Benguet’s Strawberry Festival canceled

RED BERRIES Strawberries abound the public market of Baguio City, selling for as low as P75 a kilogram. The fruits are mostly grown in La Trinidad, the capital of Benguet province, which is forced to cancel its Strawberry Festival in March due to the pandemic. —EV ESPIRITU

BAGUIO CITY, Benguet, Philippines — The Strawberry Festival in Benguet’s capital town of La Trinidad has been canceled amid the growing cases of COVID-19 in the province, its mayor, Romeo Salda, announced on Sunday.

The event is held yearly in March since it was staged in 1981.

As of Monday, Benguet had recorded 53 new infections, mostly from La Trinidad and the province’s mining district, records from the provincial health office showed.
Benguet has registered 3,761 cases since March last year and about 500 of these remained active.

Closed to tourists

Among the biggest attractions of La Trinidad, known as the country’s “strawberry capital,” are the farms where tourists could pick ripe strawberries.
But the fields are closed to visitors due to local regulations against leisure travel.

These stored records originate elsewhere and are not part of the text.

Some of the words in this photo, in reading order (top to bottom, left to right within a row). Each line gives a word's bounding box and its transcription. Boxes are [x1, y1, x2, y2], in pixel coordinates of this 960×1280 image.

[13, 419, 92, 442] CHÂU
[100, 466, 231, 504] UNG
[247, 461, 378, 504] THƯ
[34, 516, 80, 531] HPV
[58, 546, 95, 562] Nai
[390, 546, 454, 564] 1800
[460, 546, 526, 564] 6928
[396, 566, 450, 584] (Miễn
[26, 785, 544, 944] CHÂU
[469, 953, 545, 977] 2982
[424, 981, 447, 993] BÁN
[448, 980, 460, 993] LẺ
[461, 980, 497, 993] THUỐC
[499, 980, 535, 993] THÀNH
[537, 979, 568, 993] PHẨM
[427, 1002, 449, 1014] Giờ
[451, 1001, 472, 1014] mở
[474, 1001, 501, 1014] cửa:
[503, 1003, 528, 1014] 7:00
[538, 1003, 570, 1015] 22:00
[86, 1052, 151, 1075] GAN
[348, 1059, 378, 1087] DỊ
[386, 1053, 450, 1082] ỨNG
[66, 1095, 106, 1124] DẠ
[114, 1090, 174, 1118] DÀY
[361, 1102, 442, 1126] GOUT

Records from the municipal agriculture office showed at least 700 strawberry farms in La Trinidad, mostly in the villages of Betag, Balili, Poblacion, Tawang, Puguis, Pico and Wangal.

In 2018, more than 1,000 metric tons of strawberries were produced in 49 hectares of the farms.

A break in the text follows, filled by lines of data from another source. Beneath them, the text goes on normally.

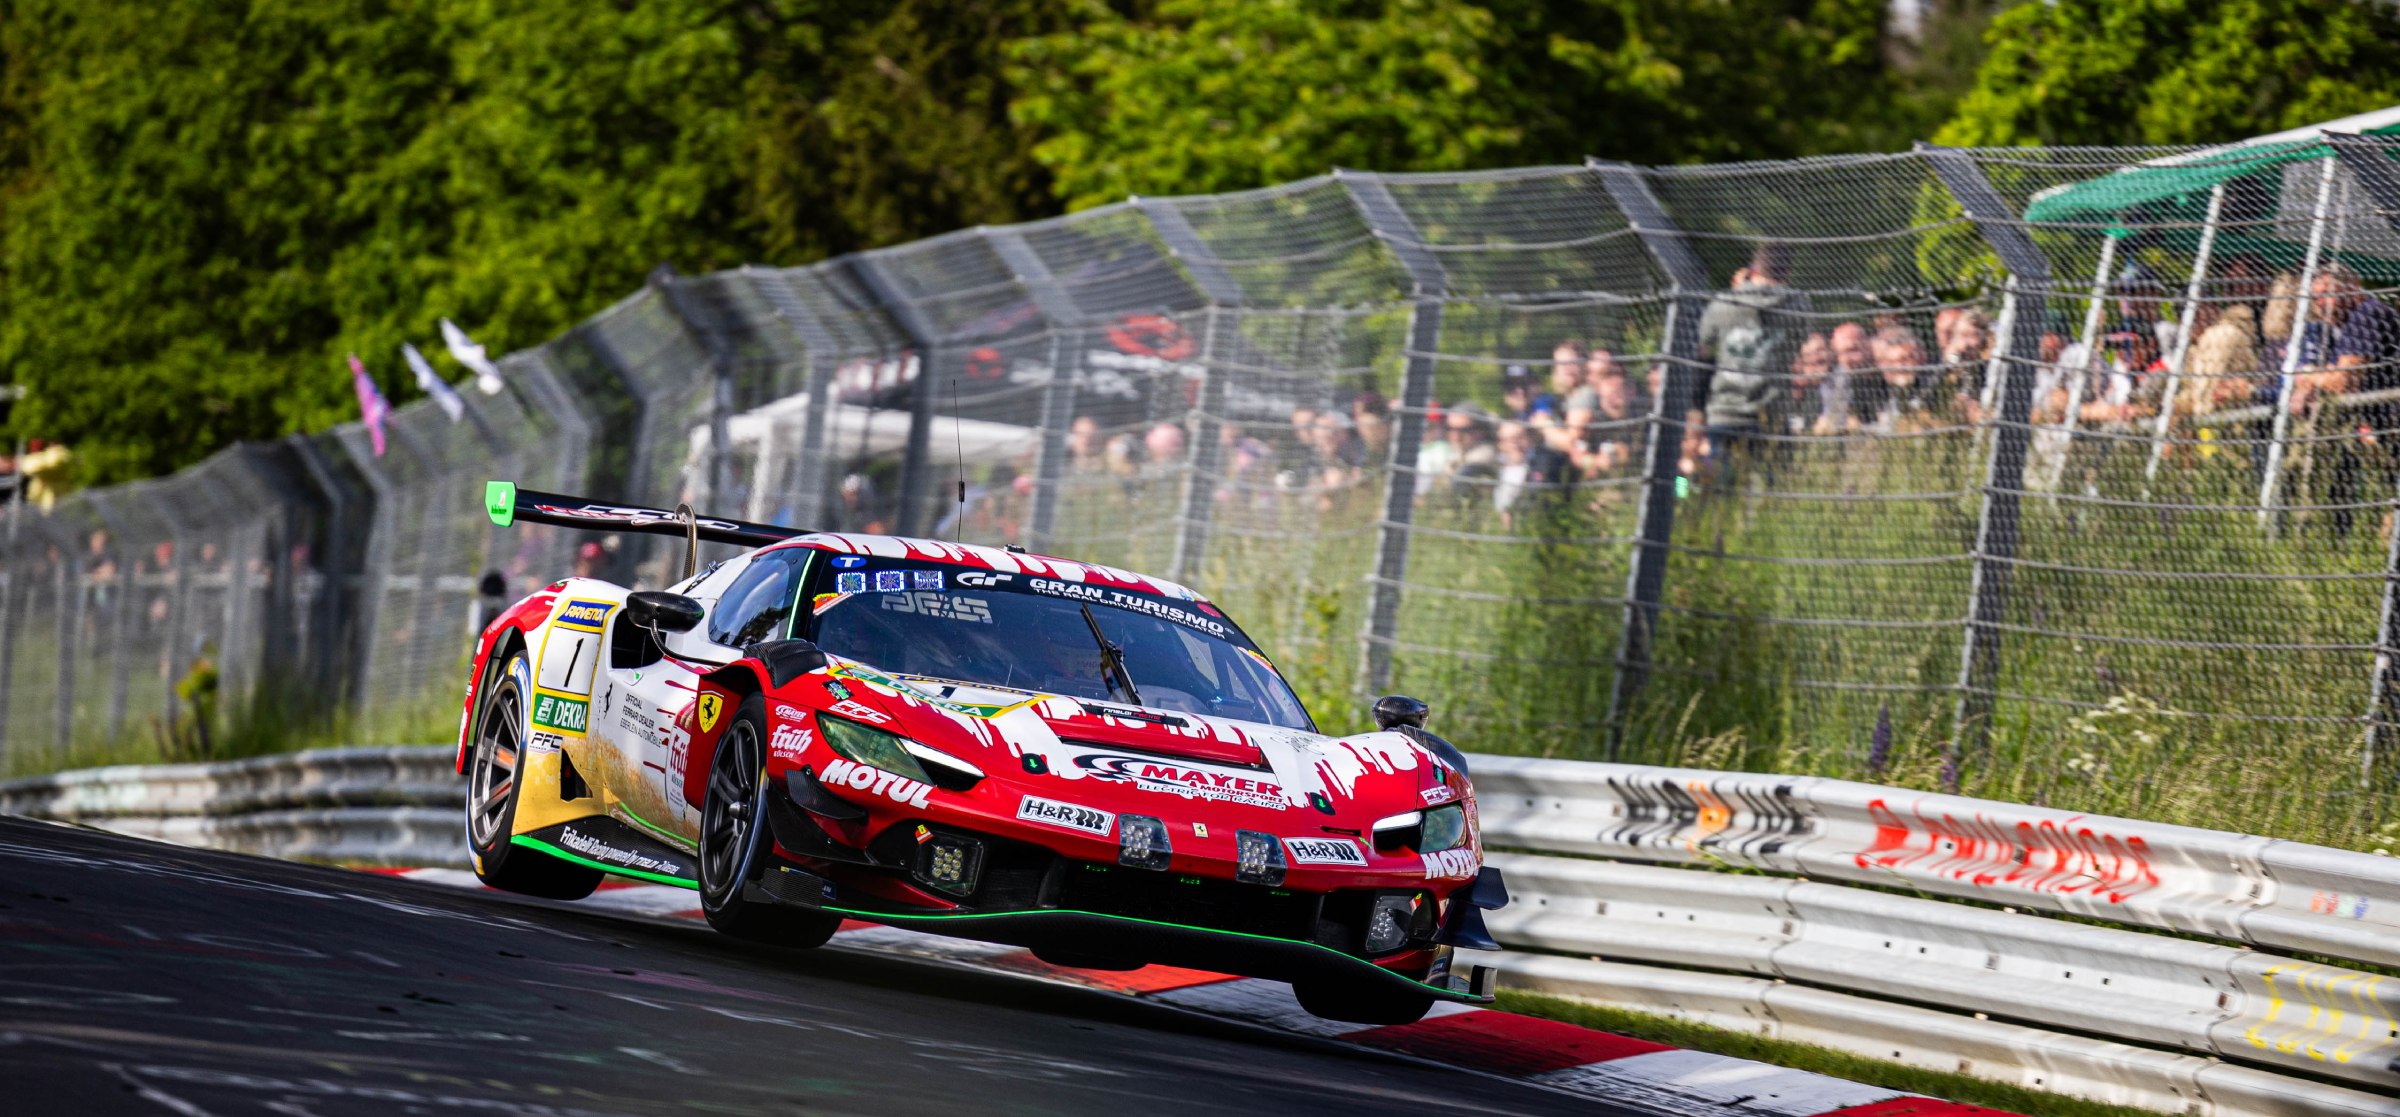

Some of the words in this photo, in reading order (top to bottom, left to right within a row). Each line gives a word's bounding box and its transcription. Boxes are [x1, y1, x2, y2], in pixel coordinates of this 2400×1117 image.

[1029, 578, 1103, 598] GRAN
[1111, 591, 1224, 633] TURISMO
[1033, 588, 1060, 596] THE
[1063, 592, 1097, 602] REAL
[1100, 598, 1152, 614] DRIVING
[1154, 611, 1226, 640] SIMULATOR
[563, 637, 585, 688] 1
[940, 685, 958, 699] 1
[553, 700, 587, 730] DEKRA
[819, 758, 935, 809] MOTUL
[1141, 765, 1283, 797] MAYER
[1200, 784, 1284, 803] MOTORSPORT
[1420, 785, 1451, 800] PFC
[1233, 796, 1286, 810] RACING

Last year, Salda also skipped the monthlong festival due to Luzon-wide lockdown from March to May and the subsequent quarantine. In the past years, local strawberry growers would display their harvests and compete for the title of heaviest and sweetest berries as part of the highlights of the festival.

With the closure of tourism-related activities, the provincial government has lost almost P100 million in potential revenue.